Data records:
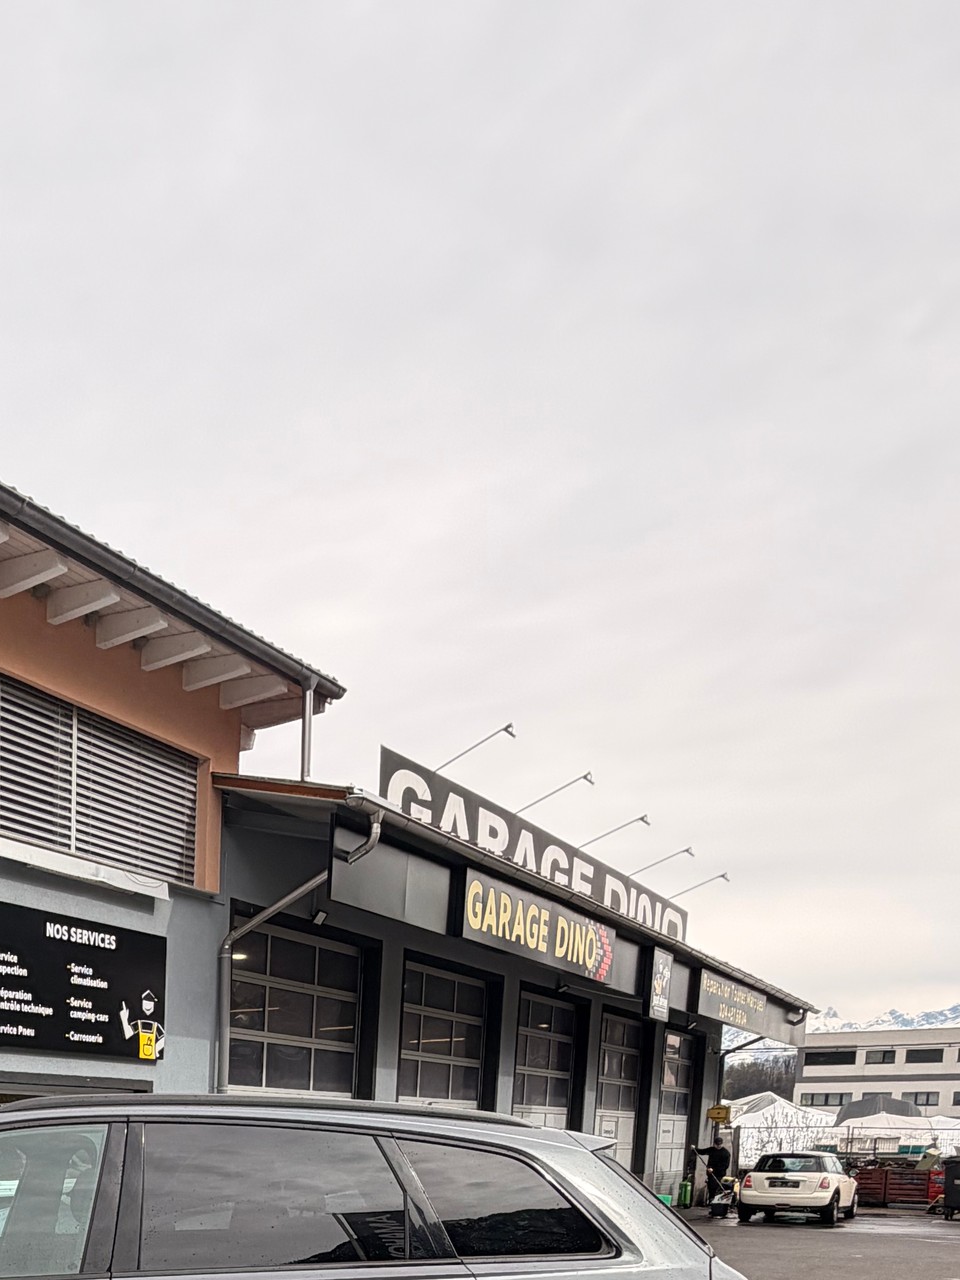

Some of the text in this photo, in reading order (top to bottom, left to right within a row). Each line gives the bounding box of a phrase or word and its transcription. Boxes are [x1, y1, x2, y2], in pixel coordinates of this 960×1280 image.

[467, 880, 598, 969] GARAGE DINO
[46, 922, 116, 950] NOS SERVICES
[70, 975, 108, 989] climatisation
[21, 1002, 53, 1016] technique
[70, 1010, 109, 1023] camping-cars
[18, 1025, 35, 1036] Pneu

Instructions to follow: Return every record above exactly as written, but drop the pictures.

Finished exercise:
Some of the text in this photo, in reading order (top to bottom, left to right within a row). Each line gives the bounding box of a phrase or word and its transcription. Boxes are [x1, y1, x2, y2], in pixel coordinates of this 960×1280 image.

[467, 880, 598, 969] GARAGE DINO
[46, 922, 116, 950] NOS SERVICES
[70, 975, 108, 989] climatisation
[21, 1002, 53, 1016] technique
[70, 1010, 109, 1023] camping-cars
[18, 1025, 35, 1036] Pneu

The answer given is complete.